Pode dizer-se que foi a simpatia pelo diabo que levou a Dra. Elizabeth Murchison para a o seu campo de investigação – não por Satanás, mas por uns marsupiais ferozes, os diabos-da-Tasmânia.

Diabo-da-Tasmânia
saudável no seu habitat

Imagem cortesia de JJ Harrison;
fonte: Wikimedia Commons

Esta espécie, exclusiva da Tasmânia, está sob ameaça de uma forma de cancro que, curiosamente, é disseminada por transmissão directa entre indivíduos: por outras palavras, cancro infeccioso.

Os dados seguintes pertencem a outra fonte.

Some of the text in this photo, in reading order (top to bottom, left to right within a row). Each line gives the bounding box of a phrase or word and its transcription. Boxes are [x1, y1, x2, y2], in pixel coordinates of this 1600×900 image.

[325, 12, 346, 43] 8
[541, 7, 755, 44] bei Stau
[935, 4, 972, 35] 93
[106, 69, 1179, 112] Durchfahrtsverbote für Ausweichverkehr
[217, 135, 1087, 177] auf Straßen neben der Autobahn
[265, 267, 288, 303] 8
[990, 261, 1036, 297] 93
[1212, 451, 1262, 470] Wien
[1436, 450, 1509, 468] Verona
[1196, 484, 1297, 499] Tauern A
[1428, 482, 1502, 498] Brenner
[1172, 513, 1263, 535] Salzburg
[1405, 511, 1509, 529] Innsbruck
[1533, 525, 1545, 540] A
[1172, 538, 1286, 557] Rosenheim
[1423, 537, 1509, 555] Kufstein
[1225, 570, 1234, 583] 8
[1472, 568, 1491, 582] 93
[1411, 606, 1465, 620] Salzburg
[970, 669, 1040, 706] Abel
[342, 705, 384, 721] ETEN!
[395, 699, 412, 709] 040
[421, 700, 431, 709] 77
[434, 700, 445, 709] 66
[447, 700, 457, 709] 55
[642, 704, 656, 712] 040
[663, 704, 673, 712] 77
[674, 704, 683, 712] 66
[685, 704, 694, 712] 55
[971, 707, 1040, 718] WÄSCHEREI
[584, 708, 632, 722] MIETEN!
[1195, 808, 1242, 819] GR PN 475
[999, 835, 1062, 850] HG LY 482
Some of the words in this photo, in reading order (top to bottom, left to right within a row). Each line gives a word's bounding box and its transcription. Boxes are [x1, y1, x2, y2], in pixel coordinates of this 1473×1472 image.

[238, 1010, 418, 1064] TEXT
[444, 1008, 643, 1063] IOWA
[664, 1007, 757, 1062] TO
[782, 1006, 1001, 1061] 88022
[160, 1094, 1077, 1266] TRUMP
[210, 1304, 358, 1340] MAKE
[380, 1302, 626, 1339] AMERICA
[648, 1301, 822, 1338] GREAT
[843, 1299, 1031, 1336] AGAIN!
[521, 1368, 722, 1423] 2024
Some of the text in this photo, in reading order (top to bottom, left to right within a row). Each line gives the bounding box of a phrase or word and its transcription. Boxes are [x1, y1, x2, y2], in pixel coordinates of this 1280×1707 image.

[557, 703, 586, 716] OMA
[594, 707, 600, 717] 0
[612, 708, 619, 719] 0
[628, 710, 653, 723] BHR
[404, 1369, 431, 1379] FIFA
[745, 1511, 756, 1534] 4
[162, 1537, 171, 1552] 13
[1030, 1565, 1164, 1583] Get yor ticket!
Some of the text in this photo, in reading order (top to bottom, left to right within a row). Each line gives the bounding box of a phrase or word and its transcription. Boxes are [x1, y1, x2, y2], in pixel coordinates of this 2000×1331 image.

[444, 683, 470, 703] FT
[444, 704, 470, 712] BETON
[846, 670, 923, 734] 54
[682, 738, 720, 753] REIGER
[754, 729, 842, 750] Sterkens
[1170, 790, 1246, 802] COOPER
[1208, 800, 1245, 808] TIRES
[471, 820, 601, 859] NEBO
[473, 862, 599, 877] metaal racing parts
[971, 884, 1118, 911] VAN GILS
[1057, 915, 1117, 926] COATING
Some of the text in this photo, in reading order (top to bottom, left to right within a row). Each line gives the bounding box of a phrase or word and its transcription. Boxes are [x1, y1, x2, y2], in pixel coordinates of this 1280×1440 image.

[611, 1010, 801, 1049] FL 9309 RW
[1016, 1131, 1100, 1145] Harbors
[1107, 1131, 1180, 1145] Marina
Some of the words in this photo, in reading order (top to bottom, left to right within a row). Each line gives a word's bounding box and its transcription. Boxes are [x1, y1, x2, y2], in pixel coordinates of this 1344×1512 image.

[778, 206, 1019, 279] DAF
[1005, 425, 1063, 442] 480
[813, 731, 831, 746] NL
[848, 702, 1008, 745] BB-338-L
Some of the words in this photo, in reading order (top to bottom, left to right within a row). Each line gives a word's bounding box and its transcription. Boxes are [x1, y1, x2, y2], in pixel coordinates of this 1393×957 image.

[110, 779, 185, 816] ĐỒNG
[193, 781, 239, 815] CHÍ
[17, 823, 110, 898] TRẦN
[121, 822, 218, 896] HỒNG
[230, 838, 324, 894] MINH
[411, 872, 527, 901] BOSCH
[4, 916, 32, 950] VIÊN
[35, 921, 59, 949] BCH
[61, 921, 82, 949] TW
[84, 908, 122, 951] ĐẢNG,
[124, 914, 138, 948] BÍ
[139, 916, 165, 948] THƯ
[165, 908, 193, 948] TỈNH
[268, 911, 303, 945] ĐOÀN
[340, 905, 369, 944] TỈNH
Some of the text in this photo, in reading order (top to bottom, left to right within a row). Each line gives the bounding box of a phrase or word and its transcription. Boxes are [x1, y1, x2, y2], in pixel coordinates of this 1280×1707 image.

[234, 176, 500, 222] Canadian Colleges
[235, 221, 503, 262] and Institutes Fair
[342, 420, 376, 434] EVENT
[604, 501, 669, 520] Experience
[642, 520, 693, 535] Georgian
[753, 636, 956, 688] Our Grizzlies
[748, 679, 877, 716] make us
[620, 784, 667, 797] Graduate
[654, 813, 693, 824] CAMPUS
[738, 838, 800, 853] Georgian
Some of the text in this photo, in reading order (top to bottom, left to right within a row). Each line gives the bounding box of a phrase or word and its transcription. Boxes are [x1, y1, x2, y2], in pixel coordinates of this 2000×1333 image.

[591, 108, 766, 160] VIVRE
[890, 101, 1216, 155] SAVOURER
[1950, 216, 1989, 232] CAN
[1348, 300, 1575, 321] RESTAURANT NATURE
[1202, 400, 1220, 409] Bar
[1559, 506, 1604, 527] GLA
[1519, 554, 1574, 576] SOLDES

Chama-se Doença do Tumor Facial do Diabo-da-Tasmânia (DTFD neste artigo; DFTD, sigla inglesa), origina grandes tumores no focinho e no interior da boca e propaga-se rapidamente pela população de diabos-da-Tasmânia. Parece ser incurável e fatal. 

Mordendo a evolução

A Dra. Murchison, actualmente na Universidade de Cambridge, Reino Unido, dedica-se ao estudo dos aspectos genéticos da DTFD e de outros cancros transmissíveis. Estas doenças estranhas contradizem à primeira vista os nossos conhecimentos sobre a natureza do cancro. Normalmente, o cancro é causado ​​por células do organismo que, devido a mutações, adquiriram a capacidade de se dividir e crescer de modo incontrolável. Mas em cancros transmissíveis os tumores não são constituídos por células do indivíduo com a doença; são, sim, provenientes do indivíduo em que ocorreu o primeiro caso da doença: do tumor original, que de alguma forma adquiriu a capacidade de “saltar” de um hospedeiro para outro. A doença é disseminada por células provenientes do tumor original, que se ligam a um novo hospedeiro, onde produzem mais células tumorais, que podem depois “infectar” outro indivíduo.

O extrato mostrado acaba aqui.